— Activity —
Locate "Some of the text" in the data below, then output the line it is on and all following lines through the last, word for word. Skip any pictures.

— Material shown —
____________________
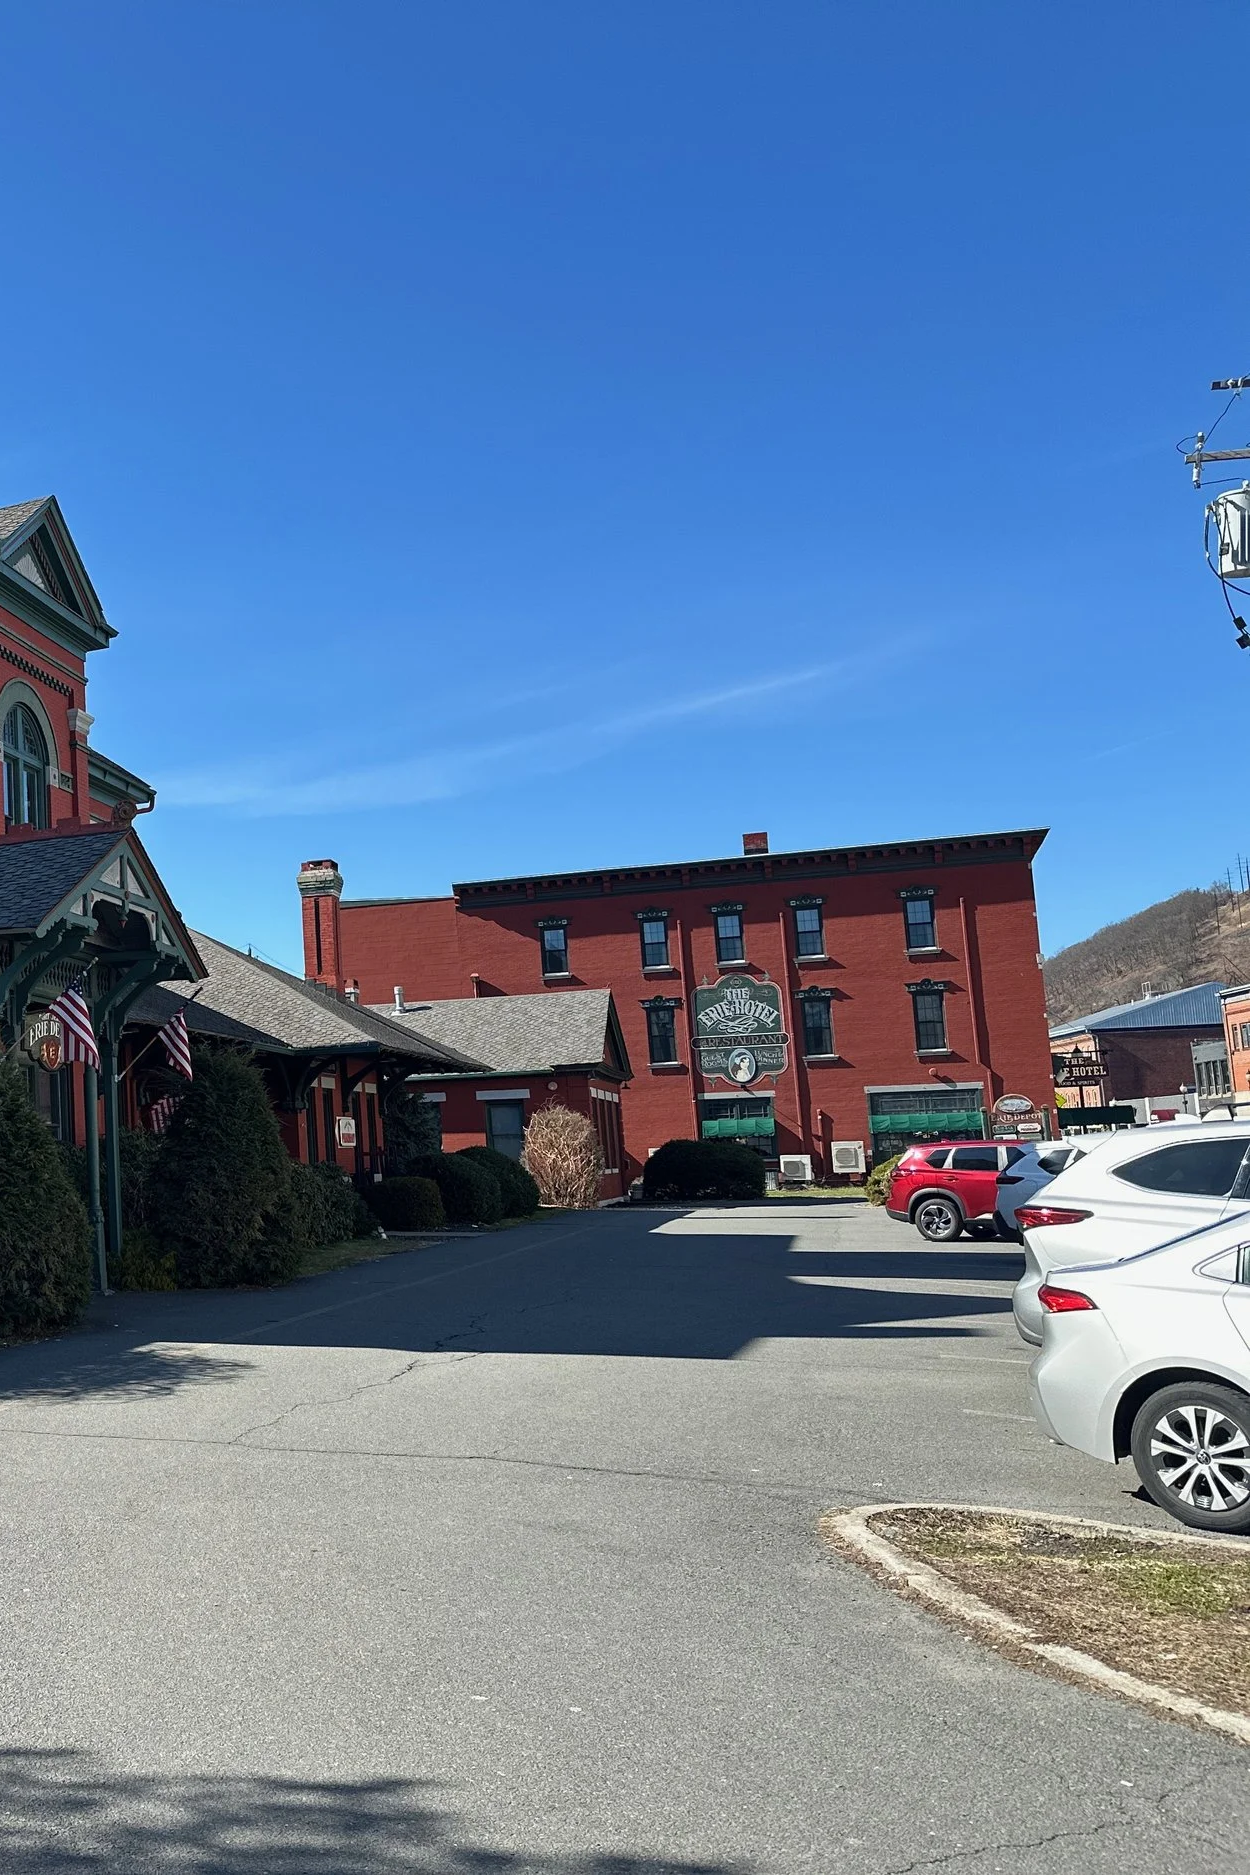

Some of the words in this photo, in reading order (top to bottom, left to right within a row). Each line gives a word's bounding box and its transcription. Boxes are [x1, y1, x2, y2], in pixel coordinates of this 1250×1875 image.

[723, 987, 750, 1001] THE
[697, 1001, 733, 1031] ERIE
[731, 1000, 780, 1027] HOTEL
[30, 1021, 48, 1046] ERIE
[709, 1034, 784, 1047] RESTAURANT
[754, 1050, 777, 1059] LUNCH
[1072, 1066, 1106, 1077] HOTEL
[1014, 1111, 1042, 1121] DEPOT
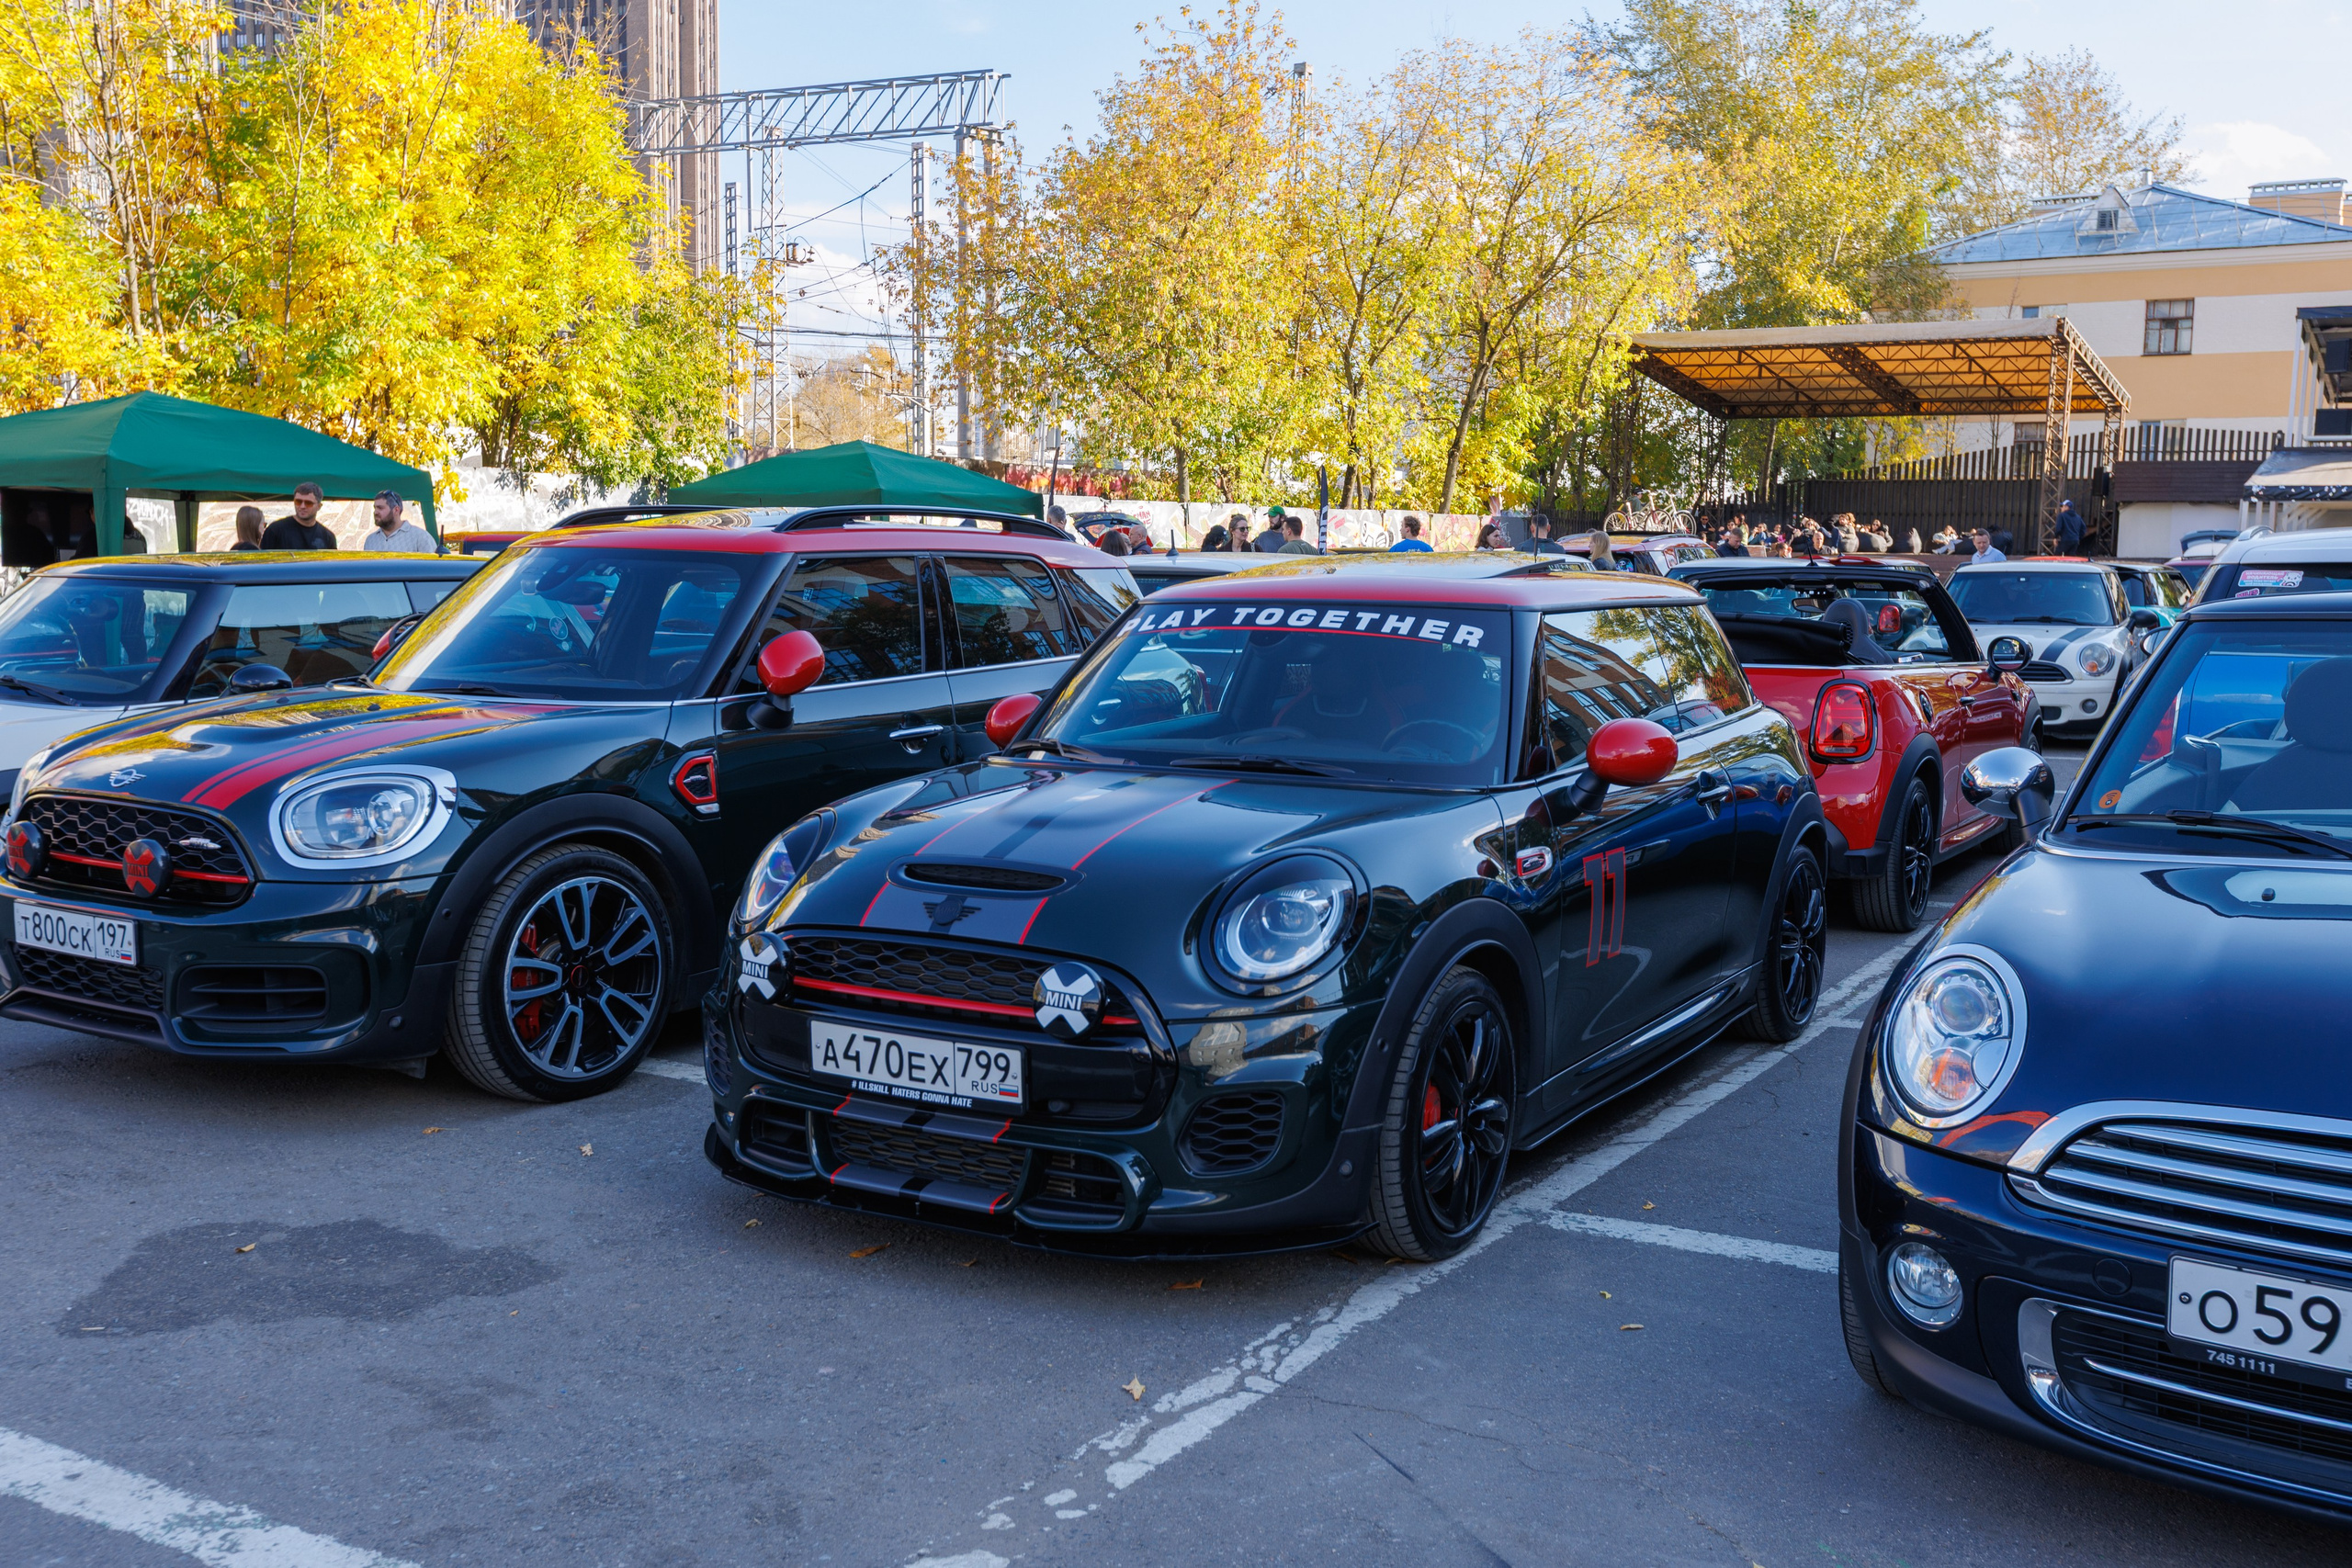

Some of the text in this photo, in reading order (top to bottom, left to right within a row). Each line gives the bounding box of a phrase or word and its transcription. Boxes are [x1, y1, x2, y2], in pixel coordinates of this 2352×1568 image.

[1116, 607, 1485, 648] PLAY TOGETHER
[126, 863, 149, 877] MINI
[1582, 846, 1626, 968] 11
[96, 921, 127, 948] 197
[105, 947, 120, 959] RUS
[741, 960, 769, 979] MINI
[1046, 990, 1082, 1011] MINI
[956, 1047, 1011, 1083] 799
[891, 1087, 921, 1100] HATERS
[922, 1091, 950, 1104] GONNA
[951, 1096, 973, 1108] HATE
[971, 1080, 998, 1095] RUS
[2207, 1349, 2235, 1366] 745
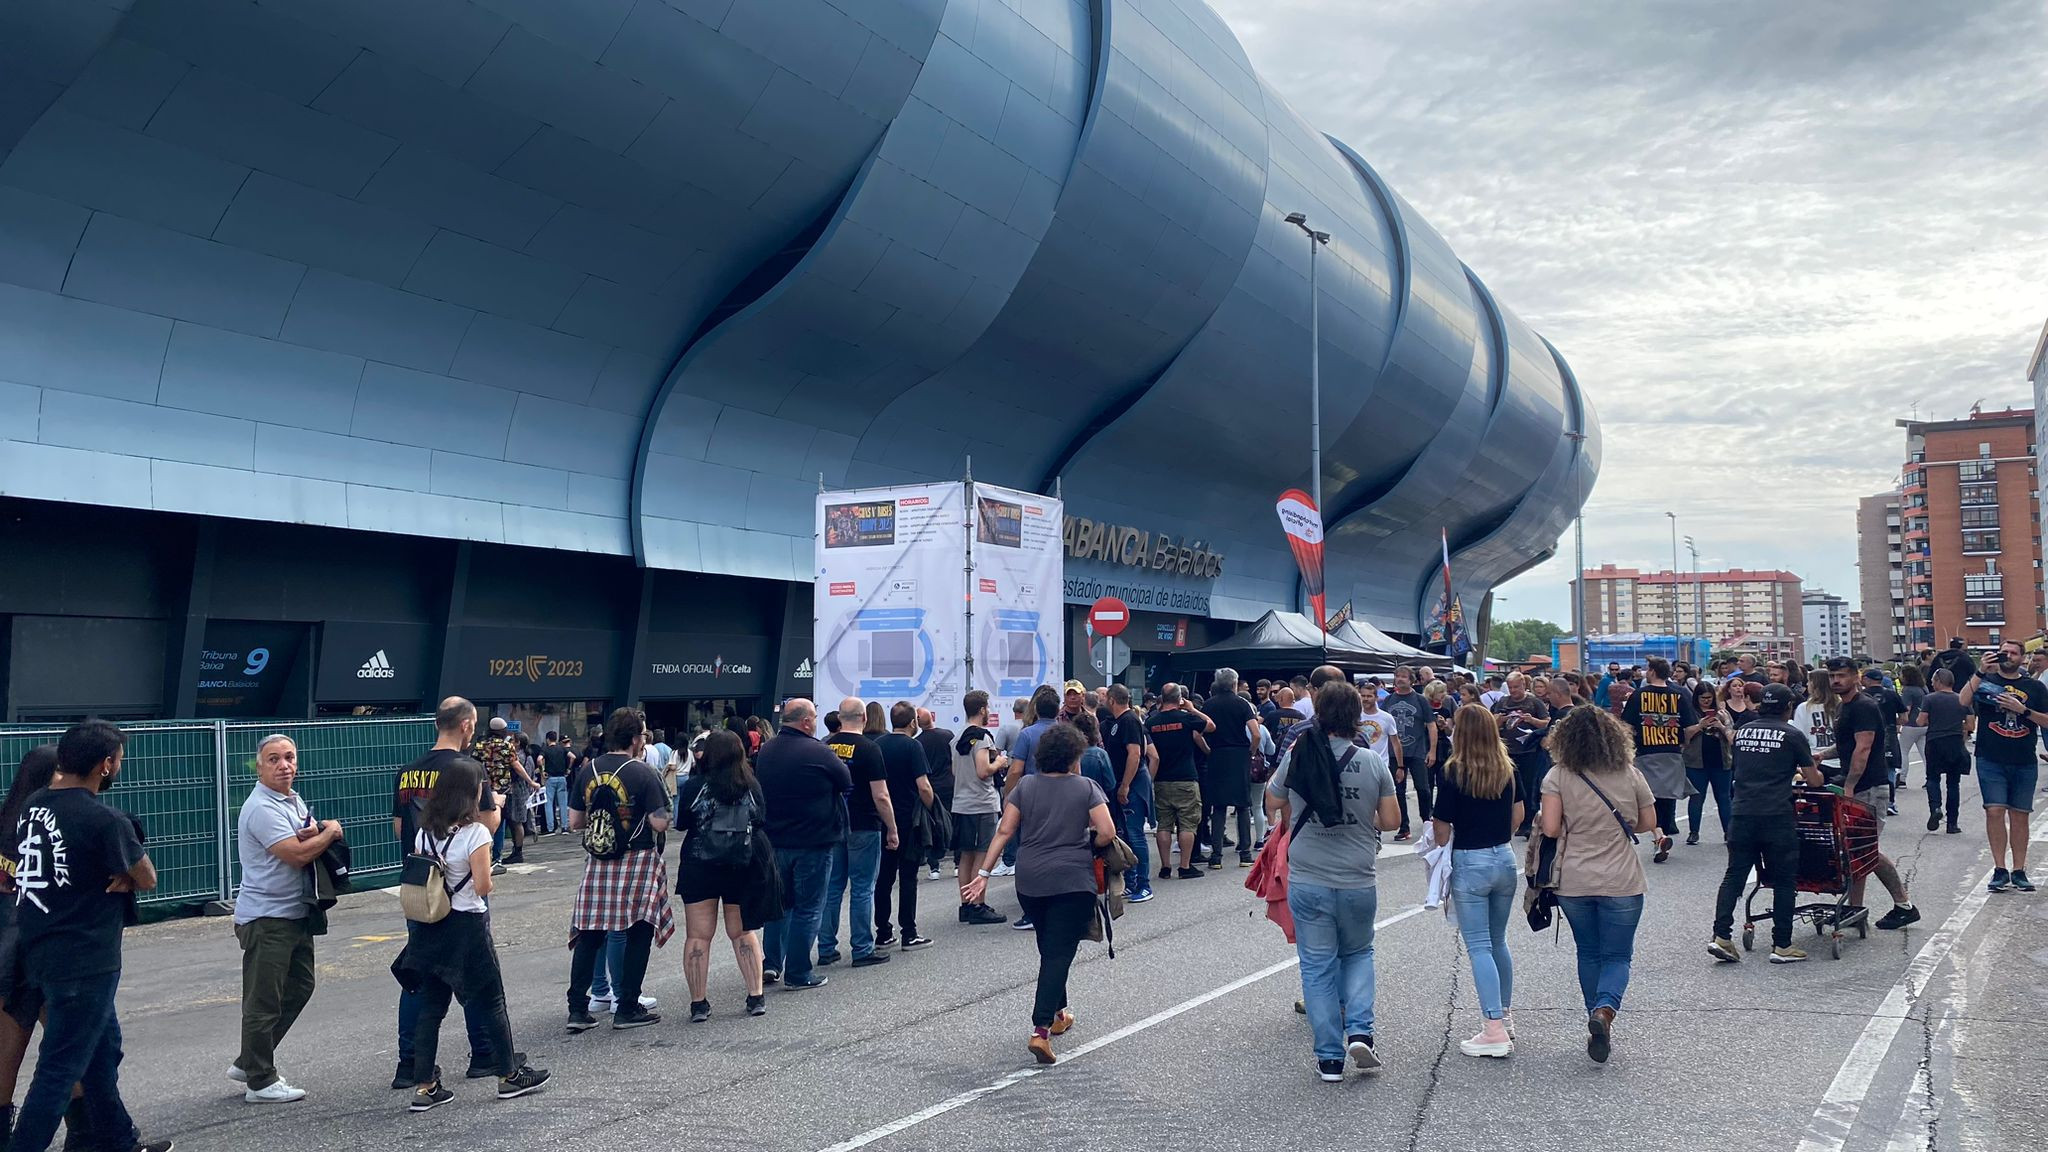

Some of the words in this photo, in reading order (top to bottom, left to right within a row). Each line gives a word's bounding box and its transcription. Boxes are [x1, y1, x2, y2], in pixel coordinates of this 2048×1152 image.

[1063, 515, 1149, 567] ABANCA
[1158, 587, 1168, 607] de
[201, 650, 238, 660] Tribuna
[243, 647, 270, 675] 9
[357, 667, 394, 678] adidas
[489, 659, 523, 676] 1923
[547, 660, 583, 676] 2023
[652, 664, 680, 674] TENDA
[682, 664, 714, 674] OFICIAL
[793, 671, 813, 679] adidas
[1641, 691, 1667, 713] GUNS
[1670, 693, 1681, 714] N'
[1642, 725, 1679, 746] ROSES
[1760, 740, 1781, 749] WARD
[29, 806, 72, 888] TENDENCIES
____________________
— Answer below —
Some of the text in this photo, in reading order (top to bottom, left to right within a row). Each line gives the bounding box of a phrase or word and its transcription. Boxes are [x1, y1, x2, y2], in pixel coordinates of this 2352×1568 image.

[1116, 607, 1485, 648] PLAY TOGETHER
[126, 863, 149, 877] MINI
[1582, 846, 1626, 968] 11
[96, 921, 127, 948] 197
[105, 947, 120, 959] RUS
[741, 960, 769, 979] MINI
[1046, 990, 1082, 1011] MINI
[956, 1047, 1011, 1083] 799
[891, 1087, 921, 1100] HATERS
[922, 1091, 950, 1104] GONNA
[951, 1096, 973, 1108] HATE
[971, 1080, 998, 1095] RUS
[2207, 1349, 2235, 1366] 745

Some of the words in this photo, in reading order (top to bottom, left to right within a row). Each line gives a word's bounding box and its transcription. Boxes are [x1, y1, x2, y2], in pixel coordinates of this 2048×1152 image.

[1063, 515, 1149, 567] ABANCA
[1158, 587, 1168, 607] de
[201, 650, 238, 660] Tribuna
[243, 647, 270, 675] 9
[357, 667, 394, 678] adidas
[489, 659, 523, 676] 1923
[547, 660, 583, 676] 2023
[652, 664, 680, 674] TENDA
[682, 664, 714, 674] OFICIAL
[793, 671, 813, 679] adidas
[1641, 691, 1667, 713] GUNS
[1670, 693, 1681, 714] N'
[1642, 725, 1679, 746] ROSES
[1760, 740, 1781, 749] WARD
[29, 806, 72, 888] TENDENCIES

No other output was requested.